Colonel Almond reached for the wheel-shaped control and pushed it forward. When the green bulb indicating the gear was down appeared on the instrument panel, Almond reported: “Gear down and locked.”
Cletus Frade reached for the throttle quadrant with his right hand.
“One twenty-five,” Colonel Almond reported the airspeed, then turned and looked up at First Lieutenant Anthony C. Pelosi, Corps of Engineers, Army of the United States, who was standing between them, supporting himself with one hand on the back of the pilot’s chair and the other on the back of the copilot’s seat.
“You want to go strap yourself in, Lieutenant?” Almond said, expressing what was actually an order in the form of a suggestion.
“Go fuck yourself,” Lieutenant Pelosi responded and didn’t move.
It took a moment for Colonel Almond to really comprehend what had just been said to him. But as they were about to land on a gravel strip in remote Argentina with a pilot at the controls who had no more than thirty hours’ total time in this type of aircraft, this was not the time to do anything about even such an outrageously obscene refusal of an order from a superior.
“One ten,” Almond called to Frade, then, “One hundred.”
At ninety miles per hour indicated, Frade gently retarded the throttles and eased back a hair on the Lodestar’s wheel, whereupon the airplane stopped flying and the wheels made a gentle contact with the ground. “Dump the flaps,” he ordered as the Lodestar rolled down the gravel strip.
Colonel Almond adjusted t
he flaps. “Zero flaps,” he reported. It was a gentle chastisement. The proper command Frade should have given his copilot was “Zero Flaps” not “Dump the flaps.”
Frade slowed the aircraft to taxi speed long before they had reached the end of the gravel runway.
“Nice landing, Clete,” Almond said, giving credit where credit was due.
Frade nodded. He stopped the Lodestar, turned it around on the runway, taxied back to the end of the runway, and then turned the airplane around again.
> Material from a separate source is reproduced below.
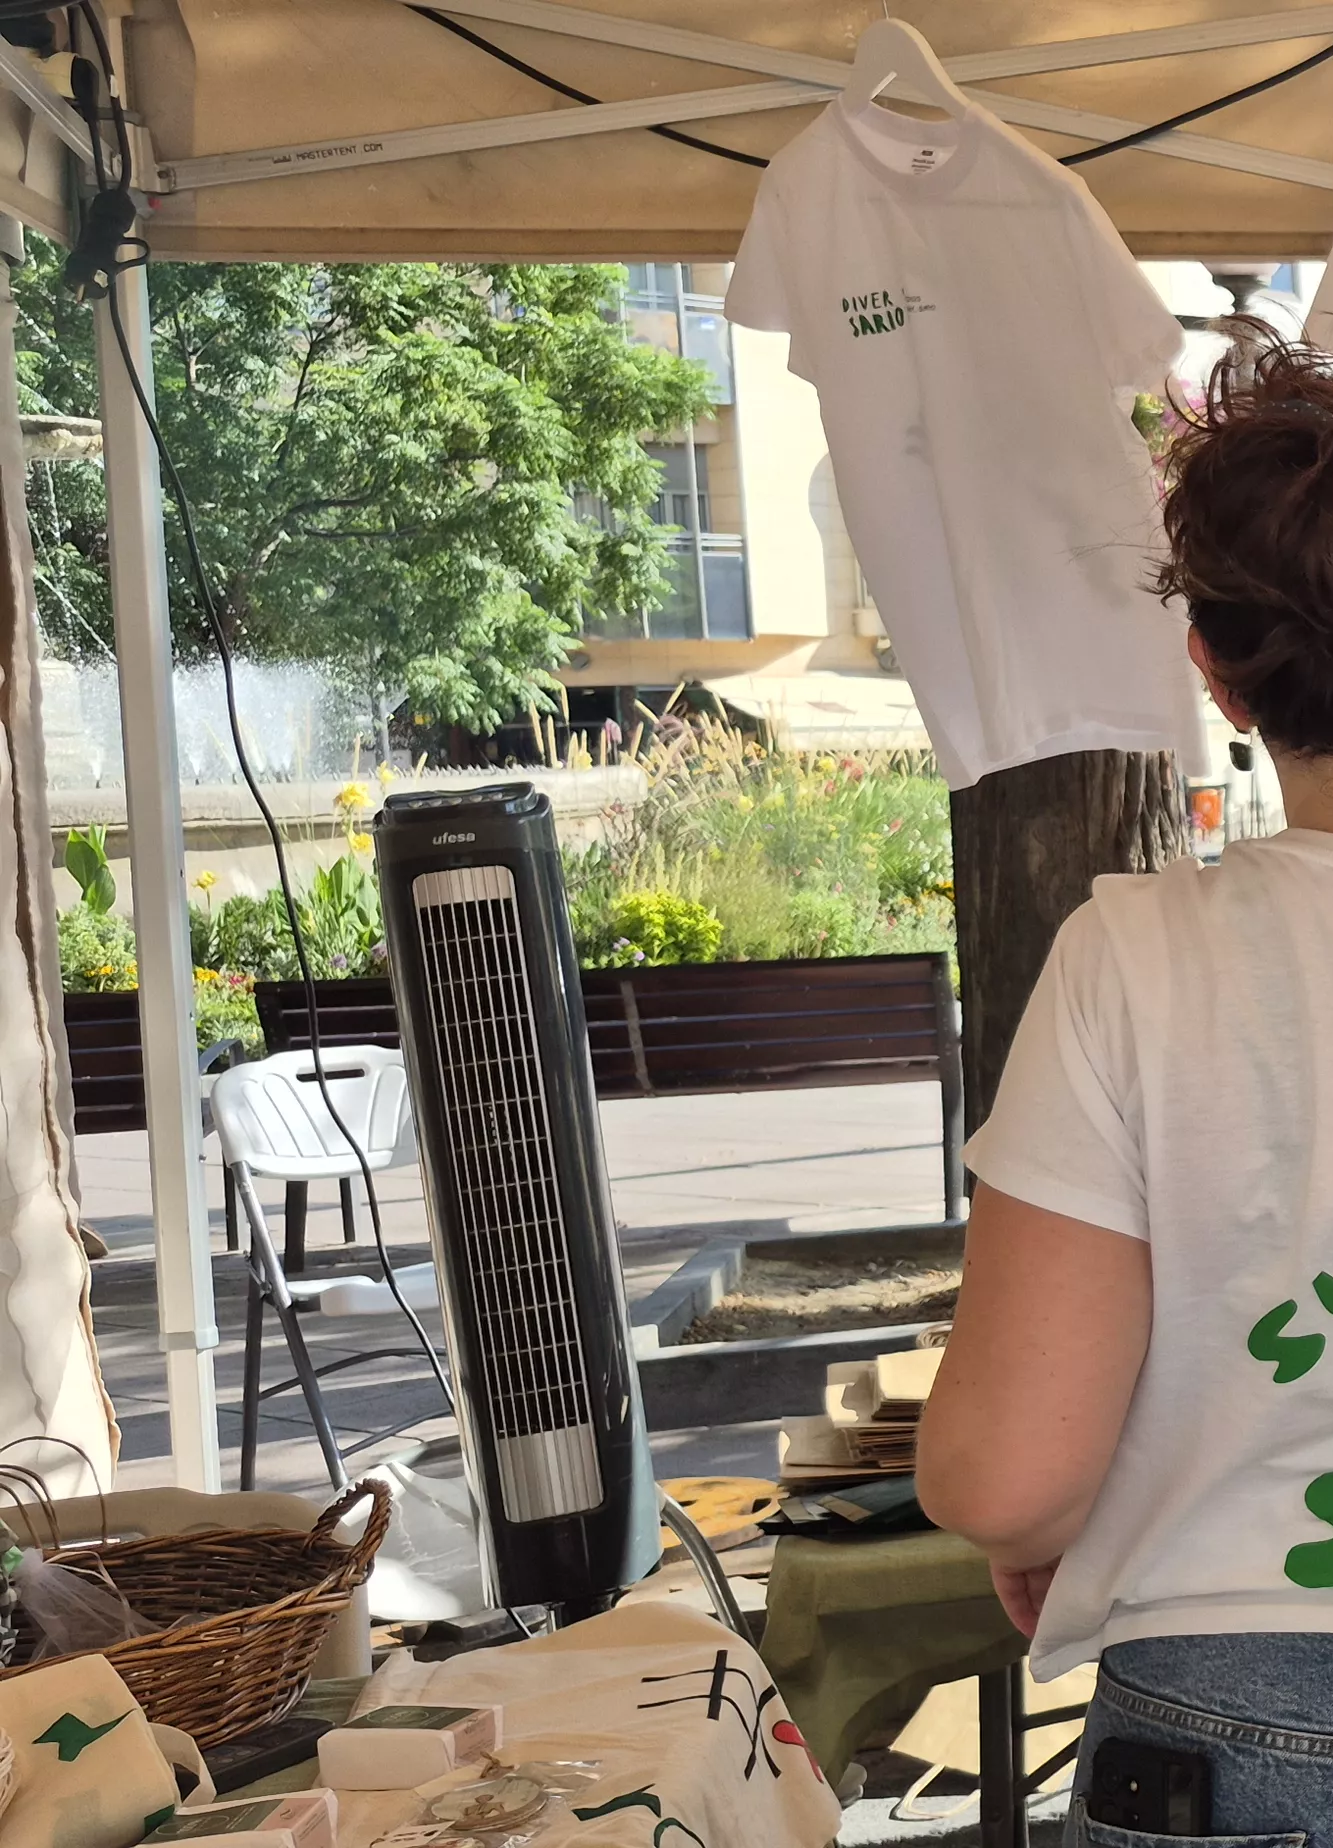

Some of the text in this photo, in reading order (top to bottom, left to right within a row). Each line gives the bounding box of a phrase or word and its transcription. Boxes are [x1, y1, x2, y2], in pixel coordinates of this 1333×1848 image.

They were now ready to take off.
But instead of reaching for the throttle quadrant, Frade shut the left engine down, put the right on LOW IDLE, and applied the parking break.
“Get out of the aisle, Tony,” Clete said as he unfastened his shoulder and lap harness.
“Yes, sir,” Pelosi said.
Pelosi politely and respectfully says “Yes, sir” to Frade, and “Go fuck yourself” to me? That will cost you, Lieutenant, just as soon as we get back to Buenos Aires. Who the hell do you think you are?
Almond had a second thought: Well, that just may give me the reason to get rid of him. He’s entirely too close to Frade. Remove a small problem before it causes large trouble.
All I have to do is report that obscene insubordination and say that he is obviously unsuitable for service here. And Frade can’t protect him; it would be his word against mine.